Nestled on the second floor of a quiet Carnegie Hill block, the Seleni Institute for women’s maternal and reproductive mental health is a port of calm for New York women. Clean, quiet, and decorated in a soothing palate of beiges and grays, the tranquility of its atmosphere is reflected in the cool confidence of its founder, Nitzia Logothetis, as she emphasizes the center’s 360-degree approach to maternal healthcare.
Logothetis and her husband, George, founded Seleni as a nonprofit organization in 2011, and today the center provides care to more than 300 women each week and information to women around the world through their website, as well as funding for maternal and reproductive mental health research. Logothetis, a trained psychotherapist who has worked with families and children her entire career, was inspired to start the institute after seeing friends face many of the issues that can surround reproduction and pregnancy.
“I thought: Why is it that we are not at all focused on maternal reproductive mental health, when there’s so much that goes wrong in that period, whether it’s infertility, post-partum depression, miscarriage, child loss, stillbirth,” she says.

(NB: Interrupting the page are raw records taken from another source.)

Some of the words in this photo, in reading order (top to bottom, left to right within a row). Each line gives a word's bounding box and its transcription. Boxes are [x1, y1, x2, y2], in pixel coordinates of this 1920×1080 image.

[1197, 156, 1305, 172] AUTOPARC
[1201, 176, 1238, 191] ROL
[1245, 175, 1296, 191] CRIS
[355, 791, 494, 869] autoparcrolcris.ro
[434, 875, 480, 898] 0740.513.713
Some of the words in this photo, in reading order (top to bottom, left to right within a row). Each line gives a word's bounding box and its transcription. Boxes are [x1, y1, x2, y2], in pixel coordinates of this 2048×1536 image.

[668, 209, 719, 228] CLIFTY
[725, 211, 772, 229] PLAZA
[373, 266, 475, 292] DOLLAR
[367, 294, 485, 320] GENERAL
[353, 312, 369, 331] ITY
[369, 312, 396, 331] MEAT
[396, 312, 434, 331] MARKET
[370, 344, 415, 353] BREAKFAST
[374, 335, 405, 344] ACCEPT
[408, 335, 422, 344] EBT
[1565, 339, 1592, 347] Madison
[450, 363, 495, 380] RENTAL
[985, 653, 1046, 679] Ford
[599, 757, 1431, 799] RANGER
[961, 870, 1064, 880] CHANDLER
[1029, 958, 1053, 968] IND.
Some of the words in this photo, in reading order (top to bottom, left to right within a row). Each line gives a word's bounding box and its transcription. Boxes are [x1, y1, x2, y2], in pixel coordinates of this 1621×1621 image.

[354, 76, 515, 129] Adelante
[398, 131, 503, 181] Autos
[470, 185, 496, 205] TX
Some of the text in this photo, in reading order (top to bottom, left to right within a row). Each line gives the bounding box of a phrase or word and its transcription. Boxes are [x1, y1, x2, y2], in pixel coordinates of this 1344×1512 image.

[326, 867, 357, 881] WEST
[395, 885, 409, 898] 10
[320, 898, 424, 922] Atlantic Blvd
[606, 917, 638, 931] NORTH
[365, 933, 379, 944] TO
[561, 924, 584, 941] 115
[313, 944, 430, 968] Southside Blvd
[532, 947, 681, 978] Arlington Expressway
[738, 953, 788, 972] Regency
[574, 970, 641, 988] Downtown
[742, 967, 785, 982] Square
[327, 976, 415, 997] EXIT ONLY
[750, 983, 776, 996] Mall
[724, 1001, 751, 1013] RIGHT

Seven million couples in the United States face infertility; 4 million women in the United States have suffered a miscarriage; one in every 160 babies is stillborn, and 1 million women in the United States suffer from post-partum depression each year. However, though these issues affect millions of women, stigmas against these conditions can make it difficult for women to know where to turn for help.
“I mean, who wants to come in and say: ‘I’m sad, I just had a baby,’” Logothetis says. “You see the Hallmark cards, you see the adverts, you see the perfect pictures in the Pottery Barn Kids catalog, of the beautiful nursery, smiling baby, completely clean—the reality is so different.”
To help women who may be struggling with the disconnect between popular culture’s idealistic expectations surrounding pregnancy and motherhood, Seleni takes a holistic approach to maternal and reproductive mental health. In addition to private psychotherapy sessions, Seleni offers a weekly breastfeeding group with a lactation consultant, a sleep support consultant, a free support group for new mothers, an infertility support group, a working moms’ support group, and monthly workshops on a variety of topics—from how to prepare your child for a new sibling, to how to discuss sexuality with your daughter.
There are also rooms for acupuncture and massage treatments within the institute, which further highlight the well-rounded nature of Seleni’s approach.
But Seleni’s reach extends beyond the clinic. For example, the organization provides an annual grant to fund research on perinatal mood and anxiety disorders. Last spring, the inaugural Seleni Research Award was granted to Dr. Katherine Sharkey, a sleep medicine researcher at Brown University, for a project on the importance of sleep and the effects of light therapy on anxiety pre- and post-partum.
The institute also has an editorial component: Seleni’s website is home to more than 200 evidence-based articles on subjects such differentiating between post-partum depression and the baby blues, pregnancy loss etiquette, and how to manage your emotions during a pregnancy following a still birth. These articles reach women all over the world—Logothetis notes India as one of the top five countries that drive the most traffic.
“Obviously, we can’t provide psychotherapy to everyone all over the world, but they can find the information,” Logothetis says. “It’s always gratifying to see people in West Africa accessing us, or people in East Asia, or even in Russia—it’s amazing, because people are really looking for this information and it’s not available.”
Even within the city, Seleni is dedicated to being an accessible center for its patients. With clients coming from every borough, New Jersey, and Connecticut, clinicians are even willing to provide Skype sessions if a client isn’t able to leave her home. The institute also provides financial assistance to more than 30 percent of its clients, and some women receive up to a 90 percent reduction of the individual therapy fee.
Since the institute’s launch three years ago, Seleni has received a warm reception from local clients and OB-GYNs, and has been visited by both Laura Bush and Nancy Pelosi during the past year.
“People’s eyes literally well up when I start explaining what we do at Seleni because inevitably their sister, their mother, themselves, or their parents have been through one of these things,” Logothetis says. “It’s just amazing that nothing like this has been done before.”
Logothetis, and Seleni, view a mother’s mental health as a critical component of general family health—and as a fundamental part of preventative care for the rest of the family.
“It’s a little bit the oxygen mask theory, if mom’s doing okay, everyone else is doing okay,” Logothetis says. “If mom’s not doing okay, then everyone else is suffering.”
Logothetis feels passionately that women must empower themselves to take control of their own wellbeing. Even the institute’s name was inspired by female strength and courage: Seleni is derived from a combination of the names Selene, a goddess of the moon associated with women, emotions, and serenity, and Eleni, a mother who fought for her children’s escape to America during the Greek Civil War.
“Take care of yourself because if you’re not taking care of yourself nobody else will,” Logothetis says. “We’re here to help in any way we can.”